Measles is a highly contagious virus that lives in the nose and throat mucus of an infected person. It can spread to others through coughing and sneezing. Also, measles virus can live for up to two hours on a surface or in an airspace where the infected person coughed or sneezed. If other people breathe the contaminated air or touch the infected surface, then touch their eyes, noses, or mouths, they can become infected. Measles is so contagious that if one person has it, 90% of the people close to that person who are not immune will also become infected.
Infected people can spread measles to others from four days before to four days after the rash appears.
Another case was recently identified in Eugene, Oregon. The man is so sick that he hasn’t been able to talk to anyone, but his wife says he was in Disneyland and also went to the Rose Bowl game and then flew back home before he started showing symptoms. How many other people did he infect? UPDATE: It turns out the man did not go to the game–see story in comment thread.
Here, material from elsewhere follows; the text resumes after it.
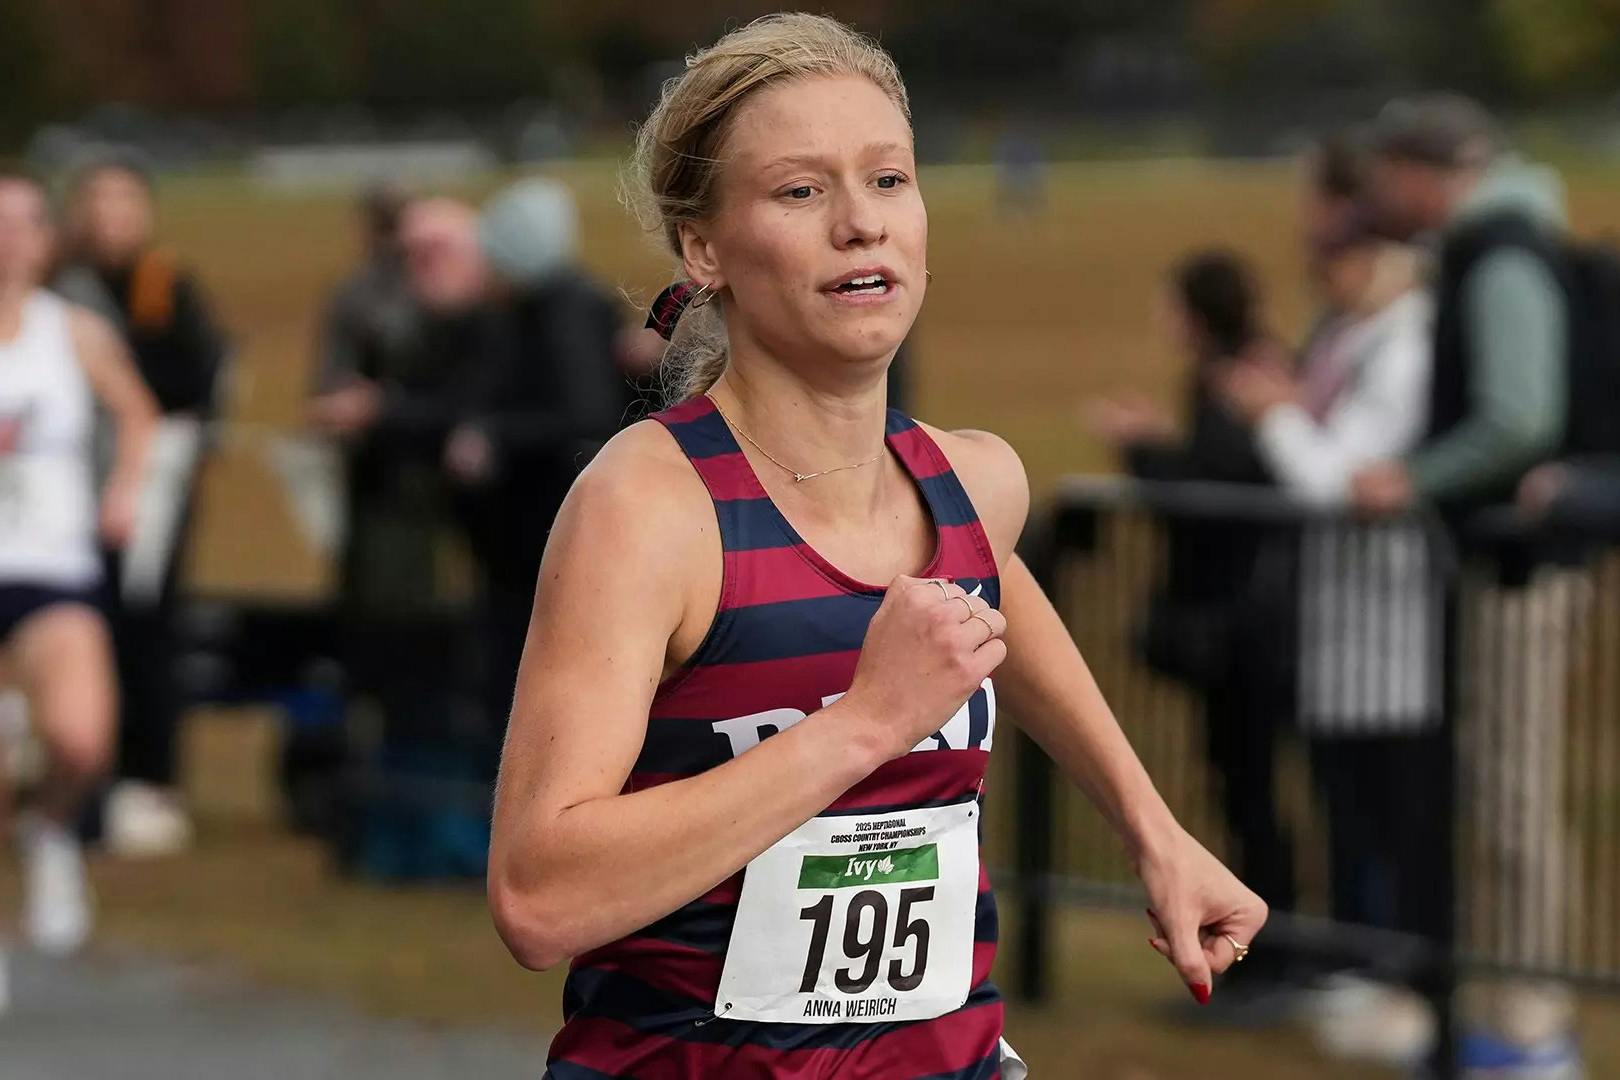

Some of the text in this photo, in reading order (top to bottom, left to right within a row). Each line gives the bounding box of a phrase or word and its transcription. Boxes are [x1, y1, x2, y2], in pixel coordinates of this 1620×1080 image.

Measles cases are also turning up in Northern California, according to SFGate: Disneyland measles outbreak spreads to Bay Area.
A large outbreak of measles that started at two adjacent Disney theme parks in December has now sickened people all over California, including a handful of Bay Area residents, and is prompting public health authorities to urge everyone to get vaccinated if they aren’t already.
California has reported 59 cases of measles since mid-December, the bulk of them in people who either visited or had close contact with someone who had been to Disneyland or California Adventure Park in Anaheim, public health officials said in a media conference call Wednesday. Seven measles cases have been reported in the Bay Area: in Alameda, San Mateo and Santa Clara counties.
Most of the people who have become infected were unvaccinated. Because of the threat of infection, public health officials said people who aren’t vaccinated — either because they can’t get the vaccine or they choose not to — should avoid public places where large groups of people, especially international travelers who may carry measles, congregate.
“We can expect to see many more cases of this vaccine-preventable disease unless people take precautionary measures,” said Dr. Gil Chavez, deputy director of the Center for Infectious Diseases with the California Department of Public Health. “I am asking unvaccinated Californians to consider getting immunized to protect themselves and family and community at large.”
I had measles as a child, and fortunately I didn’t develop any of the complications, such as blindness, severe ear infections, pneumonia, and encephalitis (rare). But now that we have a vaccine for measles, children don’t need to risk these possible dangerous consequences of getting the virus. Sadly, we have a lot of people in this country who believe conspiracy theories about vaccines.
How do the anti-vaxxers avoid the vaccines? Most states require vaccinations for children attending school, but most states also allow religious exemptions. Here’s a list of vaccine requirements in each state. Every state but Mississippi and West Virginia allows religious exemptions; a few states also allow “philosophical” exemptions. Only California allows “objections based on simply the parent(s) beliefs.” I’m guessing some parents avoid vaccinating their children by home-schooling them.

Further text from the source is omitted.